This week in San Diego, Comic Con is taking place, where thousands upon thousands of people will flock to, at least ostensibly, pay their respects or show interest in comics and graphic novels – and no, I’m not there. The San Diego Comic Con (SDCC) is certainly not the only comic-based convention, but if past attendance figures are any indication, it’s the largest one in the world, with attendance well over 120,000 fans. Of course, it’s not entirely about comics, and more than a few media types have billed it as a celebration of geeks and pop culture, but the heart of the convention remains the comic book [and its upscale step-sibling, the graphic novel], along with the big and small screen media spin-offs.
For all the hype, and even considering that there are more than a few well-known fantasy novelists there, the whole operation gives me pause… and that pause is not because the comic con celebrates pop culture, but because, first, it shows where pop culture is and where it is headed and, second, because both pop culture and this celebration of that “culture” are based on the exaggeration of image… and the fact that so many millions of Americans are so poor in imagination that they cannot or will not create images in their own mind.

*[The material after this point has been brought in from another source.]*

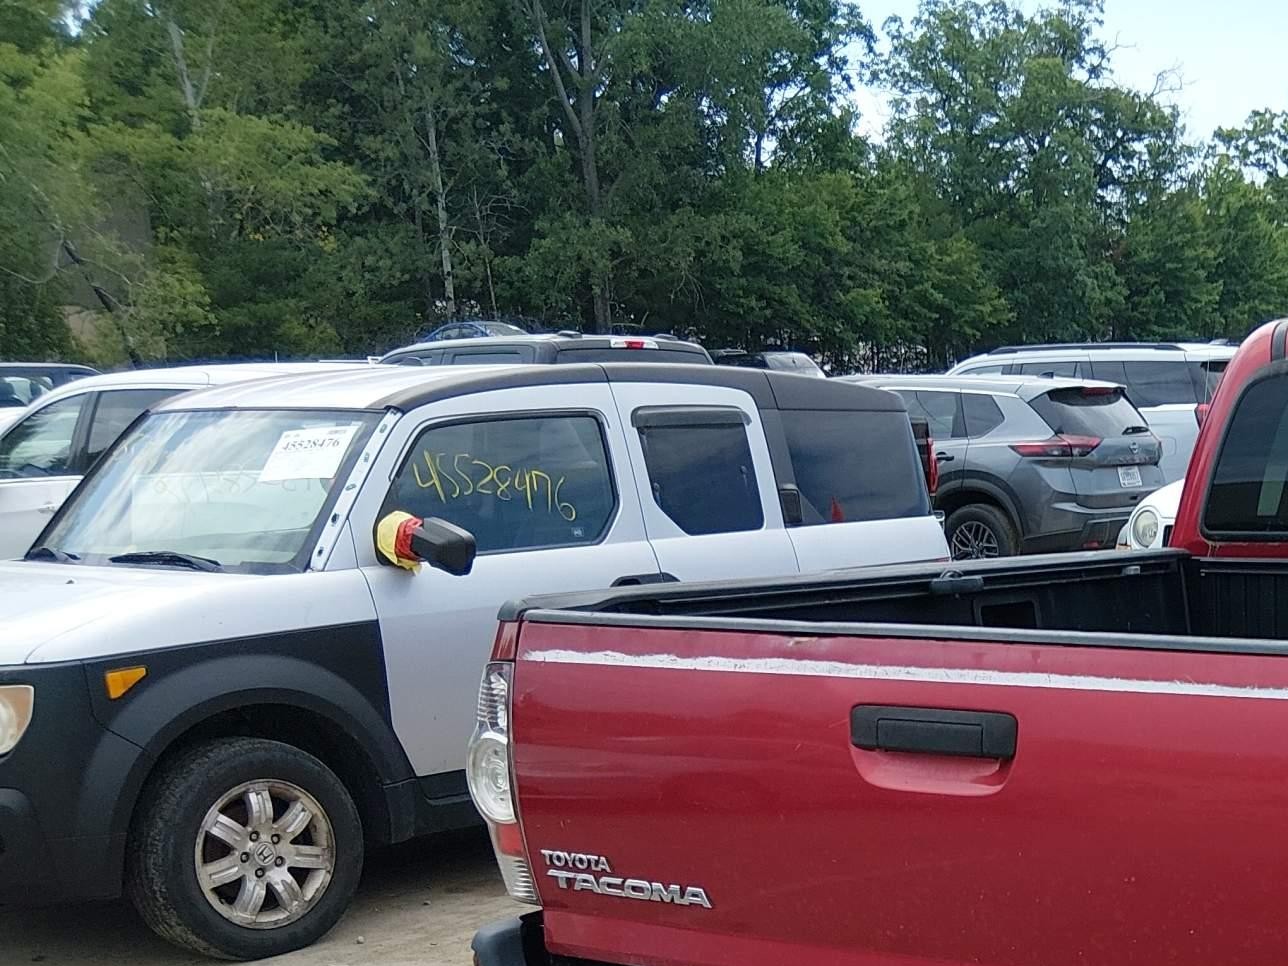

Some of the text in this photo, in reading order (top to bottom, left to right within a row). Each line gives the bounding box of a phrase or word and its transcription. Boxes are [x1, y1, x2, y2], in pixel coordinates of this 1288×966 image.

Back in the dark ages, when I was a boy, there were comic books everywhere. Even Isaac Asimov read them as a boy, but for the most part, comic books were for the young and those who lacked the mental and intellectual ability to read the printed word and visualize a world evoked by those words.

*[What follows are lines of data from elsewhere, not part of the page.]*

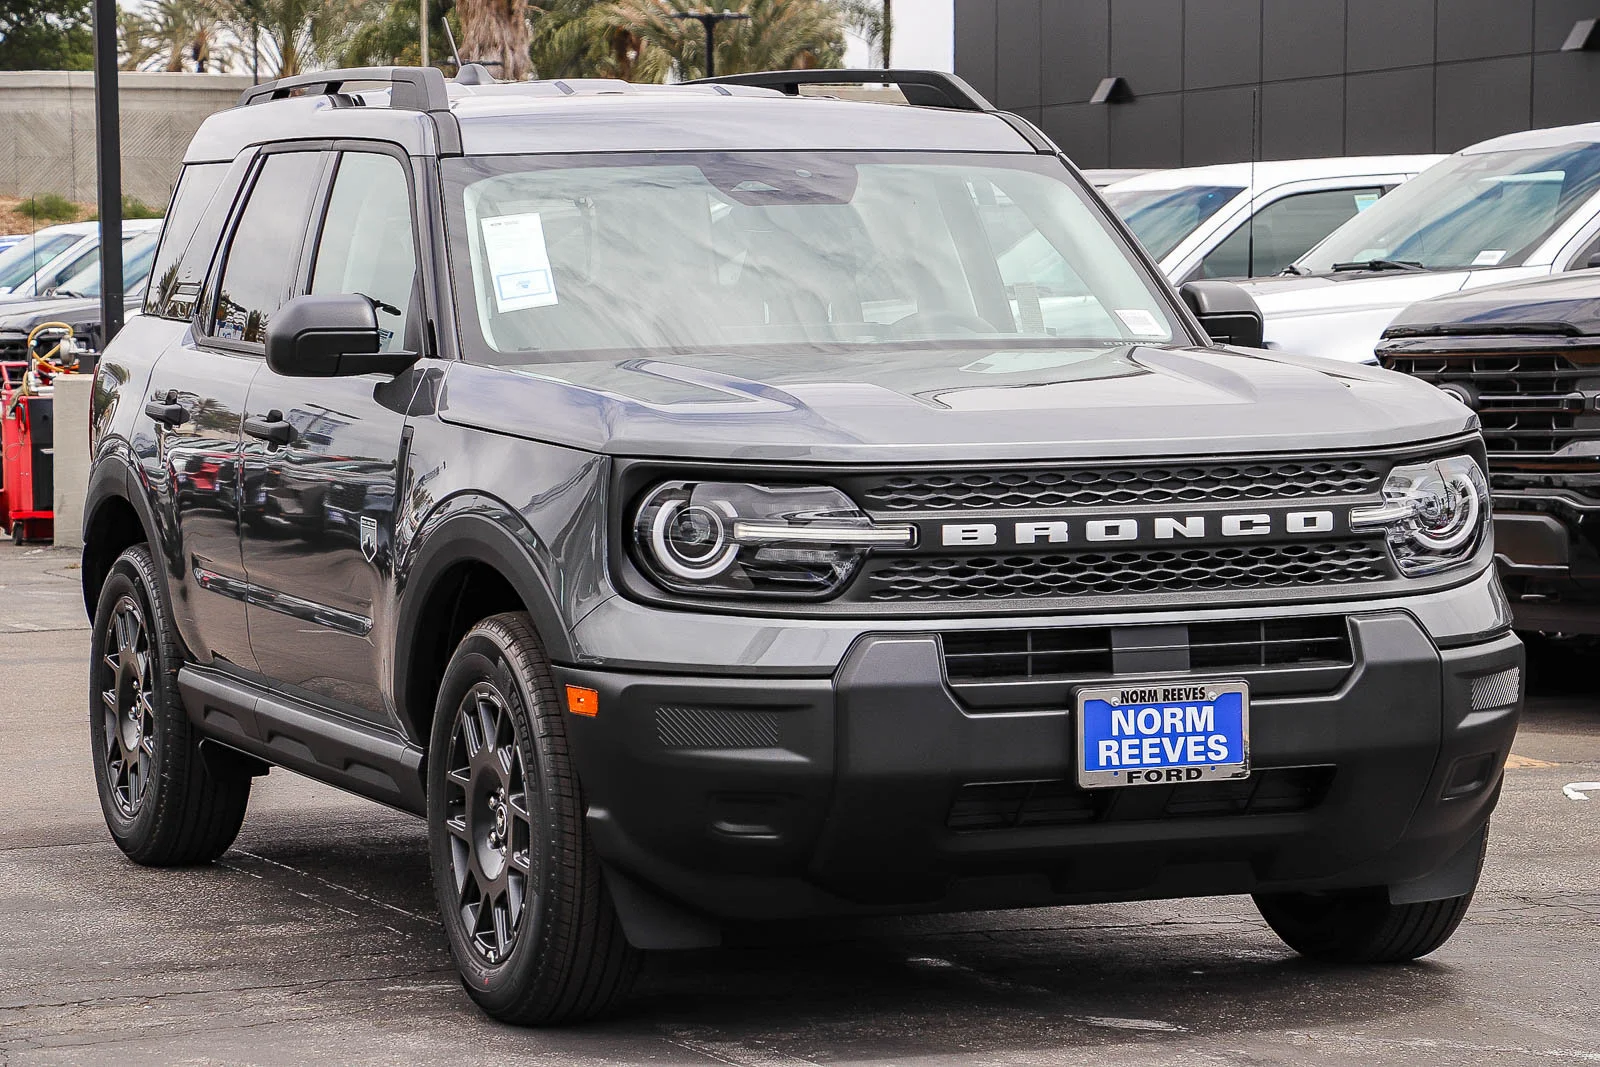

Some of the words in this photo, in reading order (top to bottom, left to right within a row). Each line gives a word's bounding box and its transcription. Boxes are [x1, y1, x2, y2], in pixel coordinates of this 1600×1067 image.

[941, 510, 1333, 546] BRONCO
[1120, 690, 1158, 704] NORM
[1162, 687, 1206, 702] REEVES
[1111, 706, 1215, 736] NORM
[1098, 734, 1229, 766] REEVES
[1127, 768, 1203, 783] FORD

From what I can tell from sketchy statistics, attendance at the World Science Fiction Convention, while fluctuating by location, has been dropping, and has been as low as 4,000 participants in recent years. By comparison the first California Comic Con was held in San Diego in 1970… and drew all of 300 attendees. Now SDCC tops 120,000, and some have claimed there are far, far more attendees. To me, this trend is symptomatic of the fact that the percentage of serious readers, even among college graduates, continues to drop, but media and comics are booming!
The problem, as I see it, with media and comics as popular culture – besides the fact that, for a time, books were once considered popular culture and now are not – is that the proliferation and consumption of prefabricated images dulls imagination and creativity. Even among F&SF writers, there are more and more books about narrower and narrower subjects. When the F&SF field publishes books like Pride and Prejudice and Zombies [a best-seller, no less] or Twilight and all its clones, and every possible permutation on vampires, zombies, and werewolves, including, believe it or not, My Life as a White Trash Zombie, how much room is there for something different from such narrow sensationalism? Even if there is, how many writers have the background and imagination to write something different?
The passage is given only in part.